Отара удвоится; рядом с каждой мамашей сынишка или дочка — все в завитках, как в кружевах. Ах, картина! Подскочит, стервеныш, каждый к своей мамаше, сунет рыльцем той в живот, и та, узнав свое сокровище, станет мирно, расставя ноги, а он — сокровище-то — упадет на передние коленки, заднюху вскинет, весь юлит, а хвостишком крутит, крутит: дескать, сладко, ох, как!
В эти дни только Митрич не у дел: он бродит поодаль или забирается — черт его знает как — на конек кошары и оттуда смотрит куда-то далеко-далеко, а то возьмется драться с собаками. Ну, покою им не дает. Или разыскивает Егора Пряхина: давай махорки.
Егор же Пряхин занят. Чем? Он ходит со двора во двор и радостно смотрит на то, как мамаши кормят ягнят. Иногда не выдержит: сильными руками, которыми как-то разорвал собачонку, вдруг нежно выхватит из-под матери ягненка, прижмет к щеке и заорет:
— Ух ты, ягненок-свиненок!
В эту минуту мать-овца недоуменно глянет на Егора Пряхина и будто скажет: «Эх, дуралей. Чего над младенцем потешаешься? Пусти. Дай дососет», — и Егор Пряхин, стыдясь матери, осторожно опускает ягненка, говоря:
— На! Жадная. Не съем. А порадоваться и мне охота.

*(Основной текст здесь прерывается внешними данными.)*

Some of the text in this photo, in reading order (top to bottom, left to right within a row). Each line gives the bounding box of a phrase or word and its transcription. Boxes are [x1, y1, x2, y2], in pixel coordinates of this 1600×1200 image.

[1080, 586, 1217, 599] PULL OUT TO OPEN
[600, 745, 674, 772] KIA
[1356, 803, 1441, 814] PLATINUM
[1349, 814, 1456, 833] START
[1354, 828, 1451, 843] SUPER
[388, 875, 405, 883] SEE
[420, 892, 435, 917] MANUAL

Вот так через несколько дней Егор Пряхин и будет радоваться, глядя на матерей с ягнятами, радоваться, разговаривая с Кланей, радоваться, воюя с сыновьями, слыша, как самый младший кричит:
— Я те вздрючу!
Но вот сегодня на степи пал густой туман. Туман еще можно побороть, как можно побороть темную ночь. Егору Пряхину завяжи глаза, пусти — все равно найдет дорогу в Разлом.

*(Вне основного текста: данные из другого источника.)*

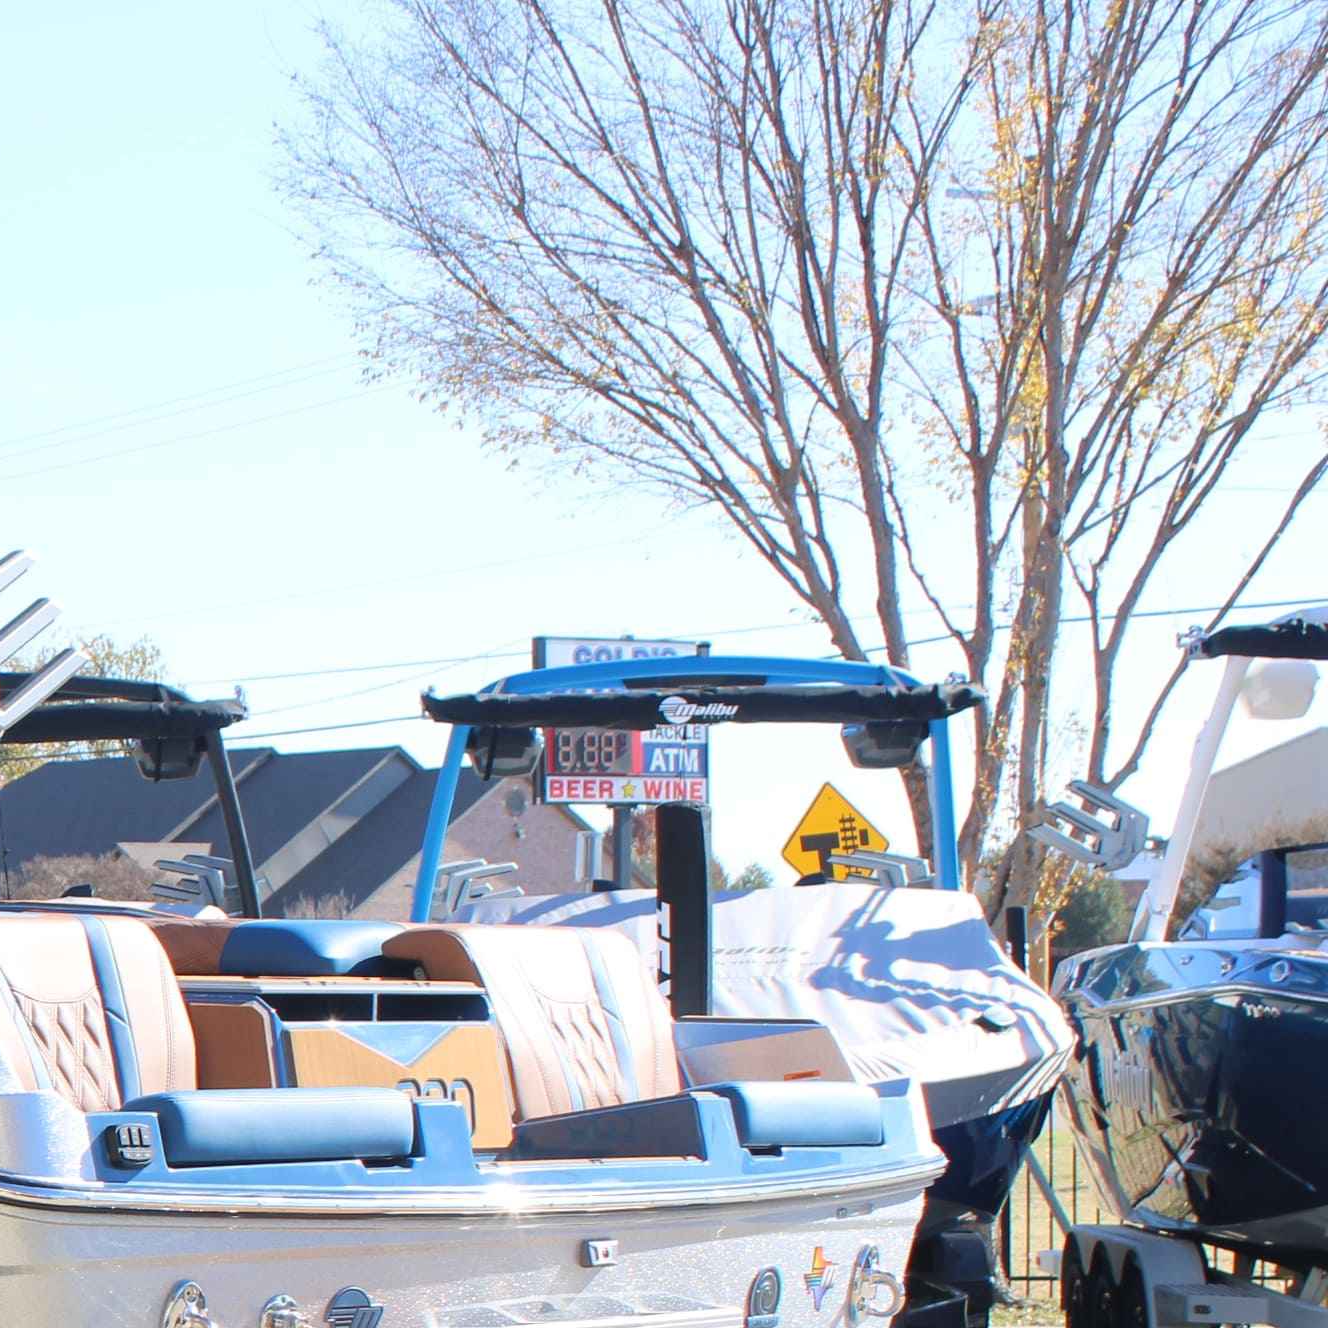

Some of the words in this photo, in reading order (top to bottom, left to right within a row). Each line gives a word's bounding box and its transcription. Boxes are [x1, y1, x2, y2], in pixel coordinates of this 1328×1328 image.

[648, 724, 702, 740] TACKLE
[649, 748, 700, 772] ATM
[549, 779, 614, 799] BEER
[644, 780, 704, 800] WINE

— Это не беда — туман, — говорит он, шагая впереди отары, бодро покрикивая: — Пошел! Пошел! — Но на душе у него все усиливается и усиливается тревога: туман густеет, а с севера — это уже совсем ни к чему — движется холодная волна, она сжимает туман, как бы кладет его под пресс и выдавливает из него мельчайшие брызги. — Ну, не беда, — говорит, утешая сам себя, Егор Пряхин. — Еще два-три дня, и мы дома. А там — сыпь, сколько тебе захочется, туман ли, дождь ли.

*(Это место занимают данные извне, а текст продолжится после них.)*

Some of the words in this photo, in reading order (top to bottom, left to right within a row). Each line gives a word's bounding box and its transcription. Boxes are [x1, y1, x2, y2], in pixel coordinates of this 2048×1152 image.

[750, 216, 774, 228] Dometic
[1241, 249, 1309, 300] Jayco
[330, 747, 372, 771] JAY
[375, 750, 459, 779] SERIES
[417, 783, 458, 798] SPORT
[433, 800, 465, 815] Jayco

В этакую минуту раздумья к нему на коне из тумана и вынырнул его помощник Петя:
— К рации вас, — проговорил он, хотя издавна Егора Пряхина звал на «ты», а теперь из уважения к рации и, стало быть, важности дела назвал на «вы». — К рации вас, Егор Васильевич… товарищ секретарь райкома партии Лагутин.
Рация находилась на отдельной повозке, под пологом-брезентом, образующим кибитку. Эту кибитку тянули два изленившихся за дорогу вола — огненно-красные, с огромными рогами: клади в развалину бревно в два обхвата, уляжется. Рацией ведал Петя. Он ее налаживал для того, чтобы слушать музыку, знать то, что творится на вольном свете… а сейчас знатного чабана вызывает секретарь райкома.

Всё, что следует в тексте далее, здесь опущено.